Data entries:
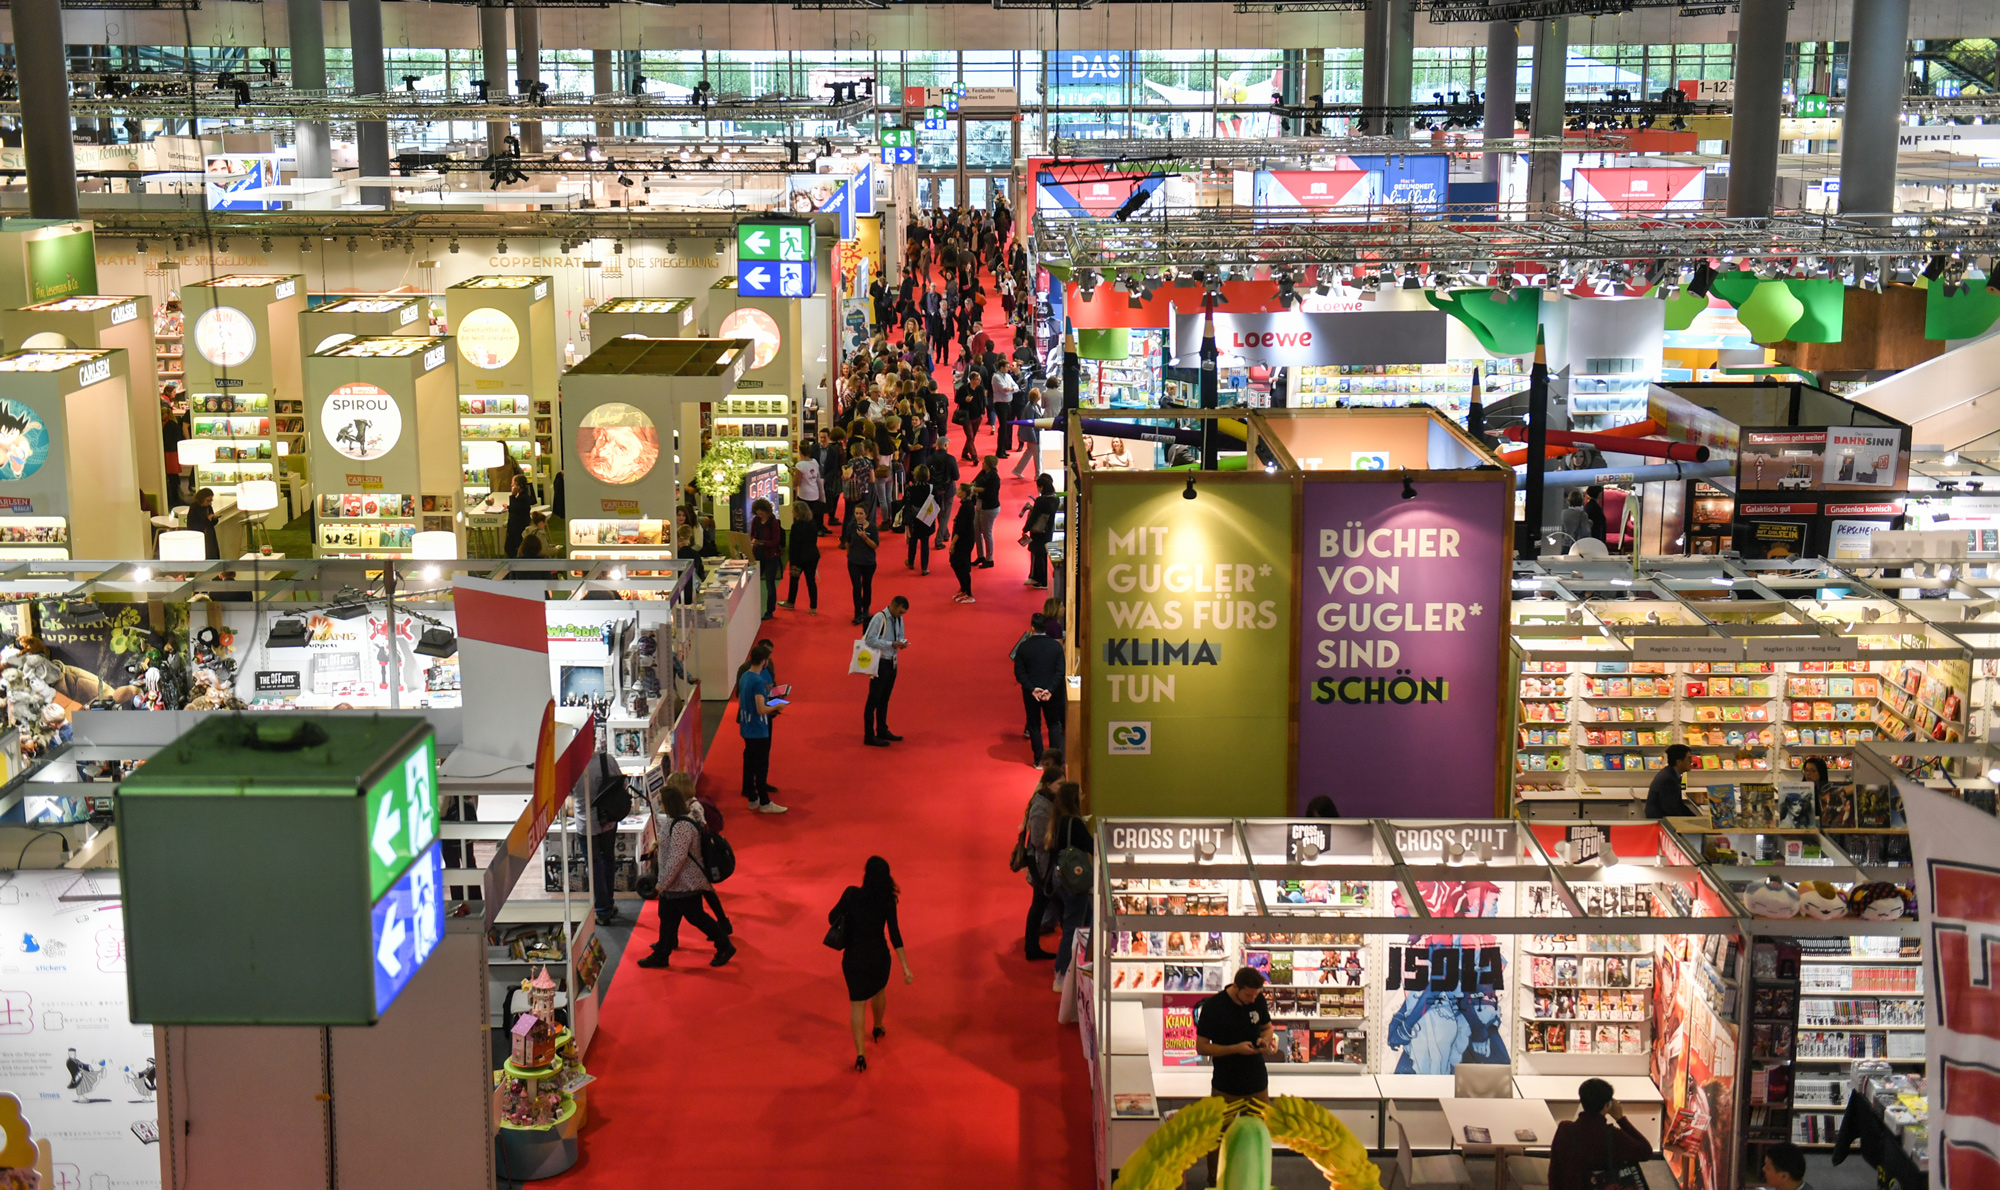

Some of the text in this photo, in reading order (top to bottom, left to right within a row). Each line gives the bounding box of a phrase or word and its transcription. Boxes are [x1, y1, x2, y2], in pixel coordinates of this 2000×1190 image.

[1072, 55, 1120, 78] DAS
[627, 257, 645, 269] DIE
[649, 257, 720, 269] SPIEGELBURG
[111, 303, 138, 325] CARLSEN
[79, 358, 111, 387] CARLSEN
[333, 400, 388, 410] SPIROU
[1791, 435, 1804, 443] geht
[1806, 434, 1825, 442] weiter!
[1834, 436, 1893, 447] BAHNSINN
[347, 475, 380, 485] CARLSEN
[749, 475, 779, 499] GREG
[0, 498, 28, 506] ARLSEN
[602, 500, 636, 510] CARLSEN
[1780, 506, 1791, 514] gut
[1830, 504, 1892, 513] Gnadenlos komisch
[1108, 526, 1168, 556] MIT
[1319, 520, 1460, 558] BÜCHER
[1318, 565, 1400, 595] VON
[1107, 592, 1278, 630] WAS FÜRS
[547, 623, 600, 637] Wrebbit
[1107, 638, 1218, 666] KLIMA
[1316, 639, 1400, 669] SIND
[259, 672, 295, 685] THE OFF BITS
[1107, 674, 1175, 703] TUN
[1316, 668, 1444, 705] SCHÖN
[1113, 828, 1225, 849] CROSS CULT
[1395, 829, 1508, 851] CROSS CULT
[1571, 826, 1598, 839] manga
[1165, 1015, 1192, 1029] KEANU
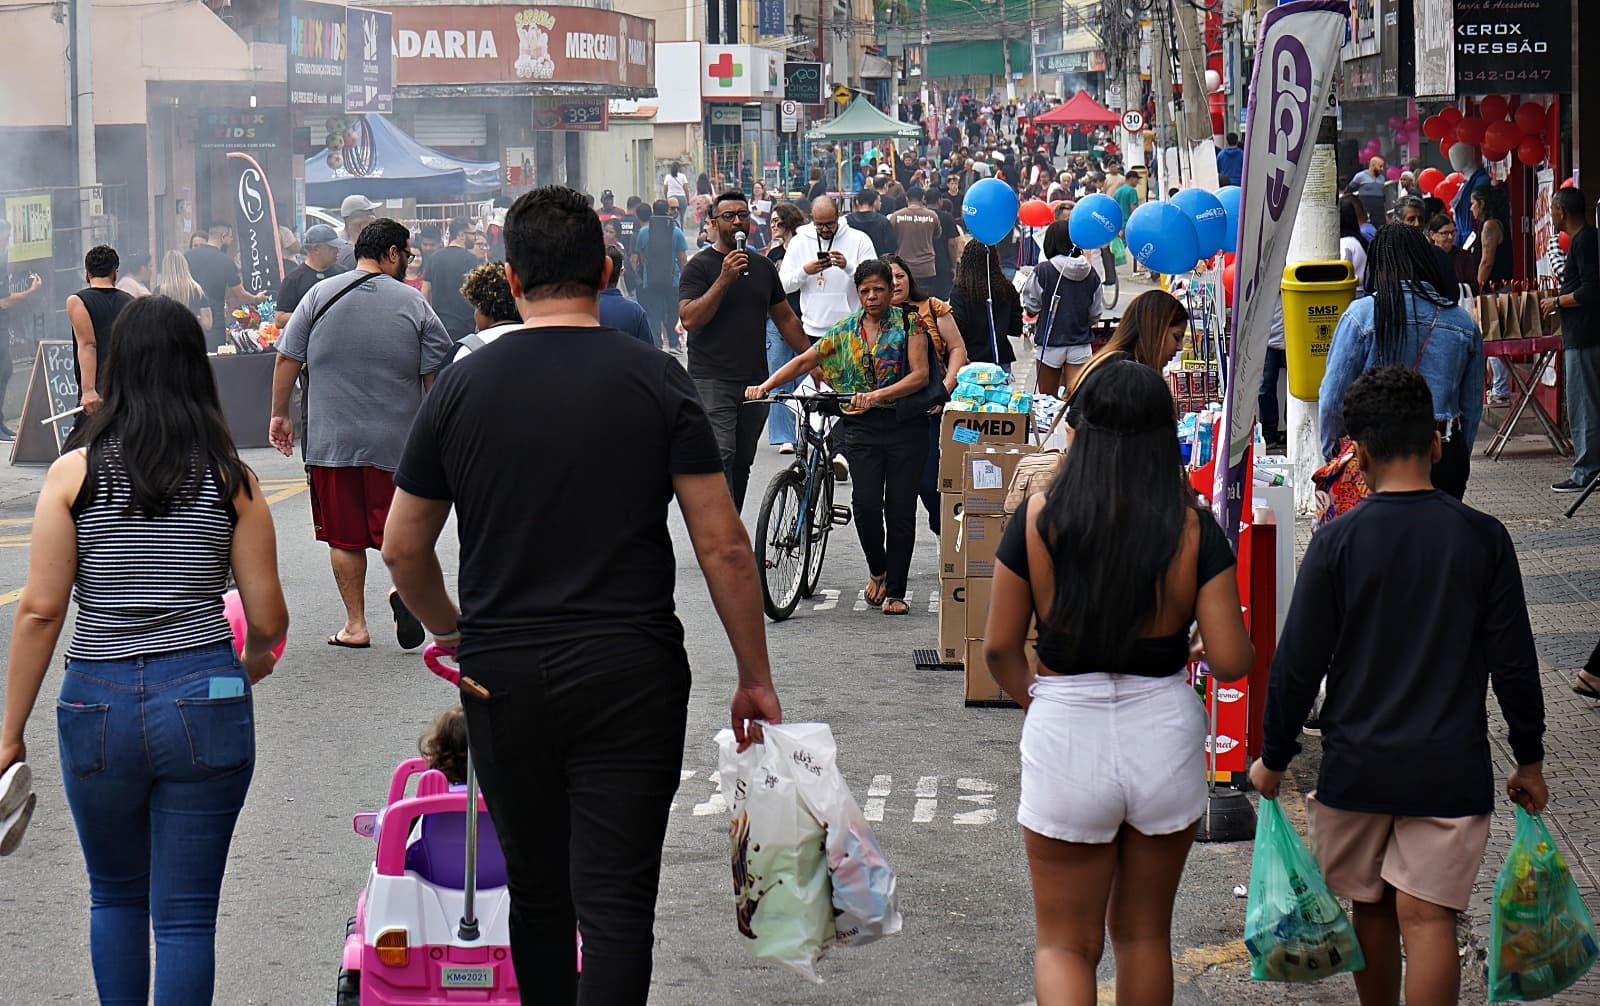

_What is expected_
A faithful reproduction of every entry, with no pictures, is the expected answer.

_Exercise response_
Some of the text in this photo, in reading order (top to bottom, left to right within a row). Each line gives the bounding box of a phrase or word and its transcription. Boxes are [x1, y1, x2, y2], in pixel coordinates of this 2000×1190 image.

[1072, 55, 1120, 78] DAS
[627, 257, 645, 269] DIE
[649, 257, 720, 269] SPIEGELBURG
[111, 303, 138, 325] CARLSEN
[79, 358, 111, 387] CARLSEN
[333, 400, 388, 410] SPIROU
[1791, 435, 1804, 443] geht
[1806, 434, 1825, 442] weiter!
[1834, 436, 1893, 447] BAHNSINN
[347, 475, 380, 485] CARLSEN
[749, 475, 779, 499] GREG
[0, 498, 28, 506] ARLSEN
[602, 500, 636, 510] CARLSEN
[1780, 506, 1791, 514] gut
[1830, 504, 1892, 513] Gnadenlos komisch
[1108, 526, 1168, 556] MIT
[1319, 520, 1460, 558] BÜCHER
[1318, 565, 1400, 595] VON
[1107, 592, 1278, 630] WAS FÜRS
[547, 623, 600, 637] Wrebbit
[1107, 638, 1218, 666] KLIMA
[1316, 639, 1400, 669] SIND
[259, 672, 295, 685] THE OFF BITS
[1107, 674, 1175, 703] TUN
[1316, 668, 1444, 705] SCHÖN
[1113, 828, 1225, 849] CROSS CULT
[1395, 829, 1508, 851] CROSS CULT
[1571, 826, 1598, 839] manga
[1165, 1015, 1192, 1029] KEANU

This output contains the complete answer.